TASK BRIEF:
An exact transcription of every record is needed, leaving out the pictures.

DATA UNDER STUDY:
::::::::::

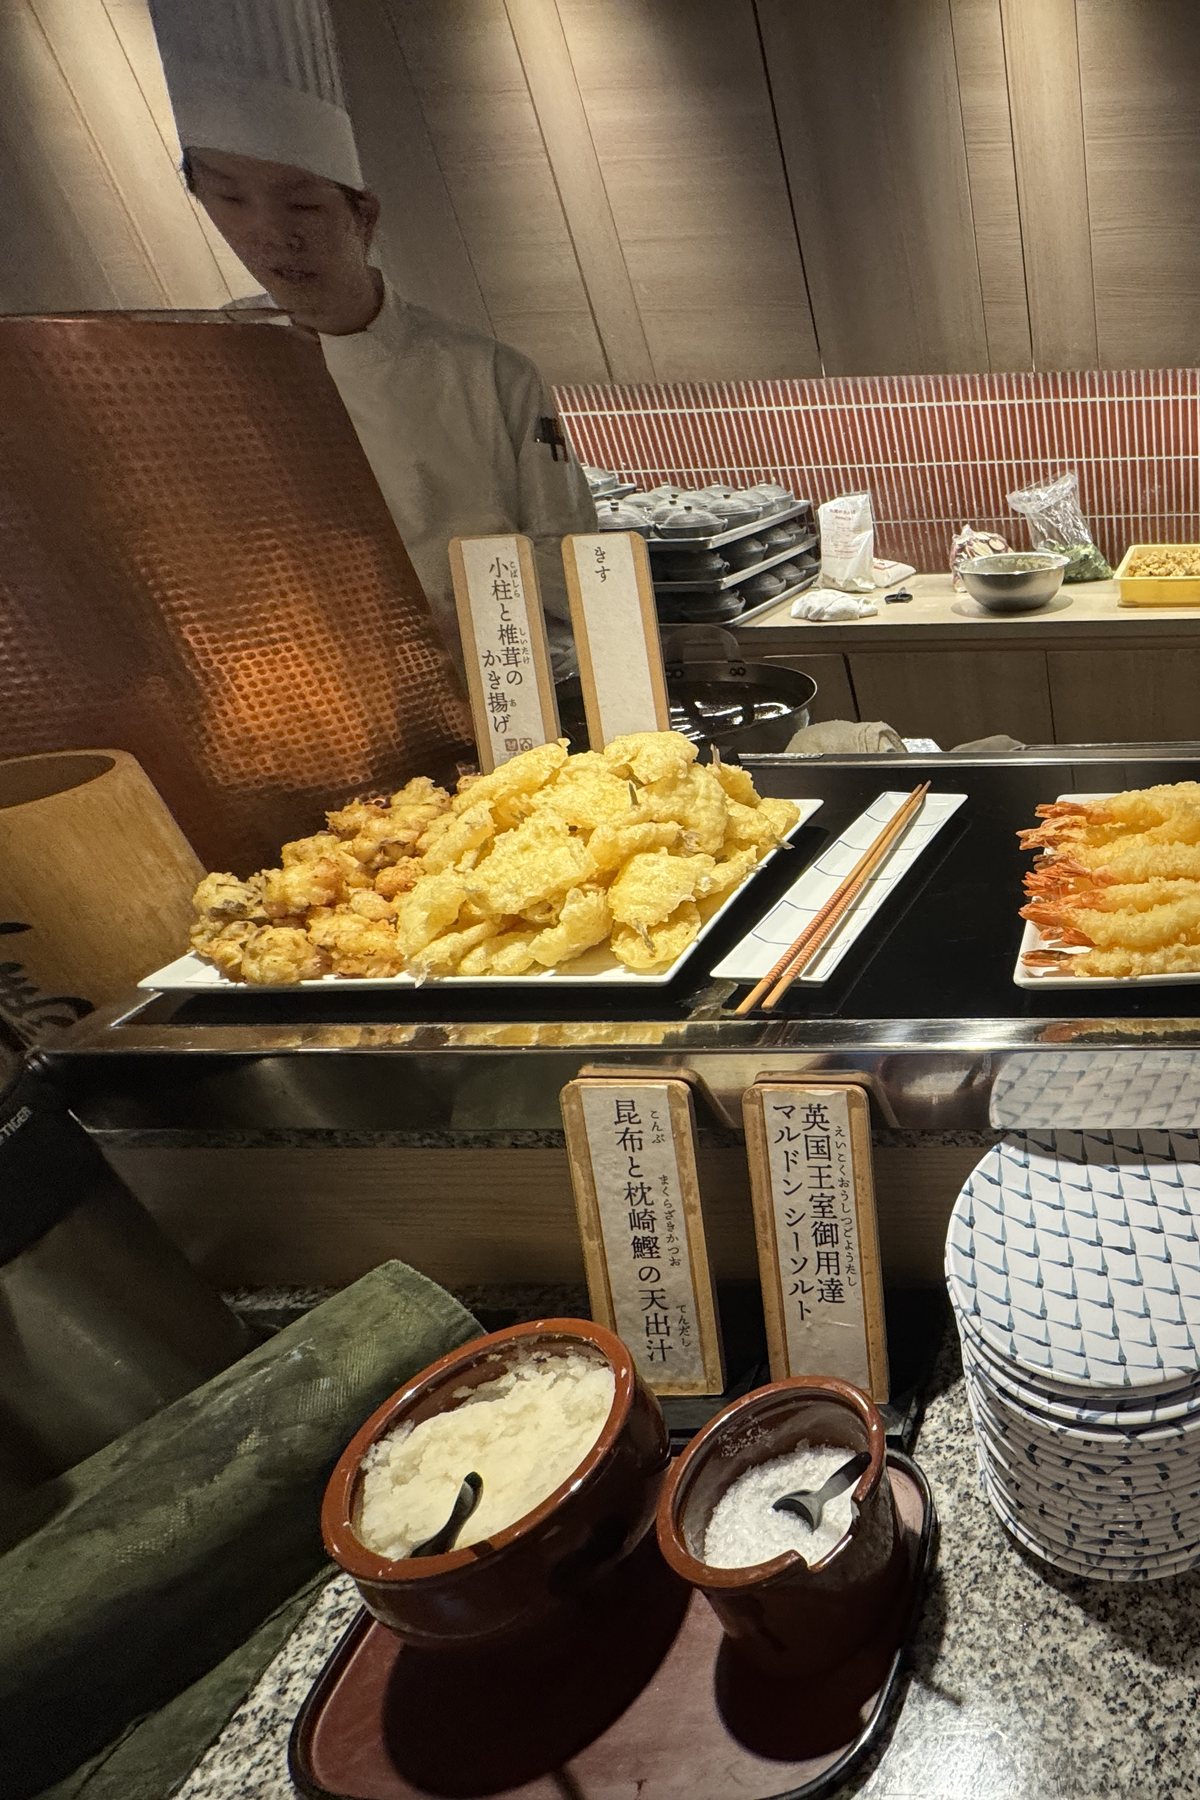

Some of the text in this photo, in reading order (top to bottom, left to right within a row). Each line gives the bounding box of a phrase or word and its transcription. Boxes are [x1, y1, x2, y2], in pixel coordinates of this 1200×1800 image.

[594, 546, 611, 582] きす
[489, 556, 523, 686] 小柱と椎茸の
[519, 627, 530, 664] しいたけ
[482, 650, 511, 734] かき揚げ
[650, 1110, 666, 1144] こんぶ
[613, 1099, 674, 1362] 昆布と枕崎鰹の天出汁
[800, 1103, 846, 1304] 英国王室御用達

::::::::::

OUTPUT BELOW:
Some of the text in this photo, in reading order (top to bottom, left to right within a row). Each line gives the bounding box of a phrase or word and its transcription. Boxes are [x1, y1, x2, y2], in pixel coordinates of this 1200×1800 image.

[594, 546, 611, 582] きす
[489, 556, 523, 686] 小柱と椎茸の
[519, 627, 530, 664] しいたけ
[482, 650, 511, 734] かき揚げ
[650, 1110, 666, 1144] こんぶ
[613, 1099, 674, 1362] 昆布と枕崎鰹の天出汁
[800, 1103, 846, 1304] 英国王室御用達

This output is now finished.